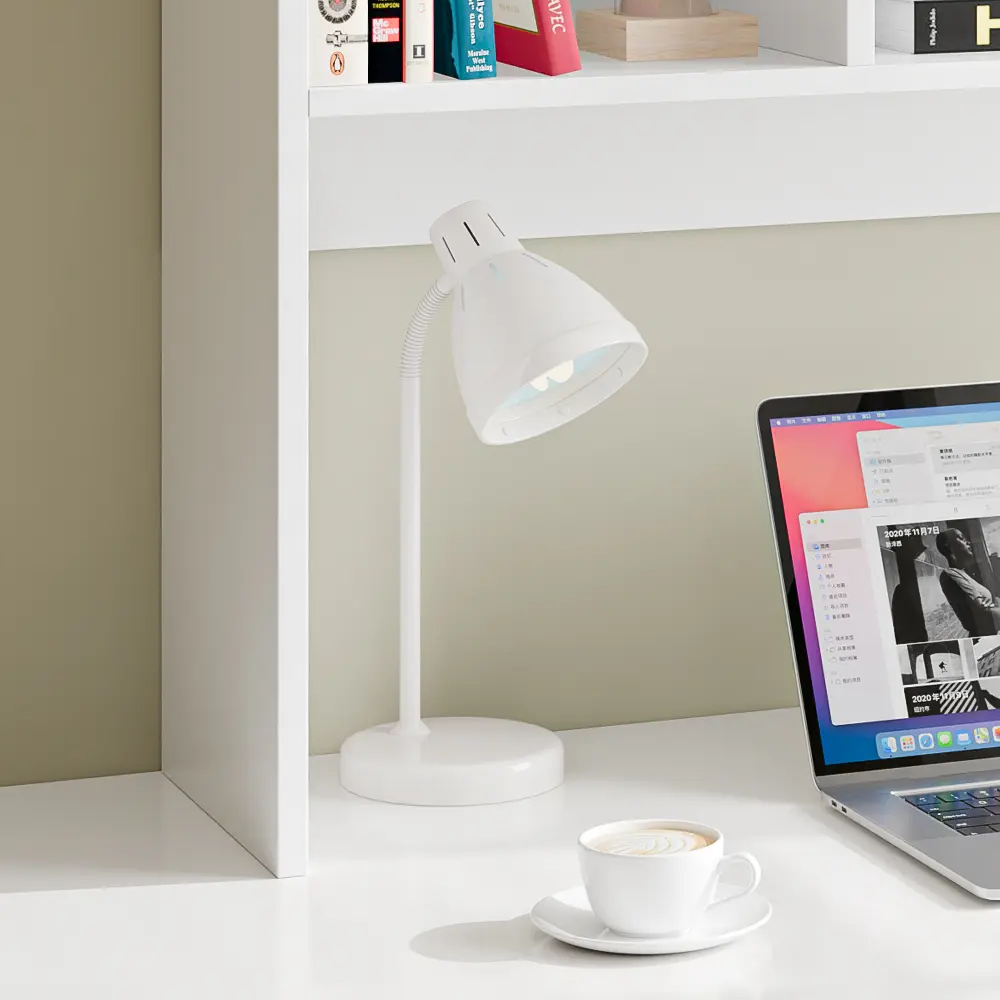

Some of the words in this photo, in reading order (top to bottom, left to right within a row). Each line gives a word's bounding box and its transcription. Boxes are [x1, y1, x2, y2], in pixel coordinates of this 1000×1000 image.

[373, 18, 389, 28] Mc
[373, 27, 400, 35] Graw
[468, 12, 476, 45] Gibson
[373, 34, 389, 43] Hill
[466, 64, 493, 73] Publishing
[884, 526, 940, 539] 2020年11月7日

-*-*-

> **Exercise prompt**
Print each entry precisely as written; the pictures stay out.

> **Your solution**
Some of the words in this photo, in reading order (top to bottom, left to right within a row). Each line gives a word's bounding box and its transcription. Boxes are [x1, y1, x2, y2], in pixel coordinates of this 1000×1000 image.

[373, 18, 389, 28] Mc
[373, 27, 400, 35] Graw
[468, 12, 476, 45] Gibson
[373, 34, 389, 43] Hill
[466, 64, 493, 73] Publishing
[884, 526, 940, 539] 2020年11月7日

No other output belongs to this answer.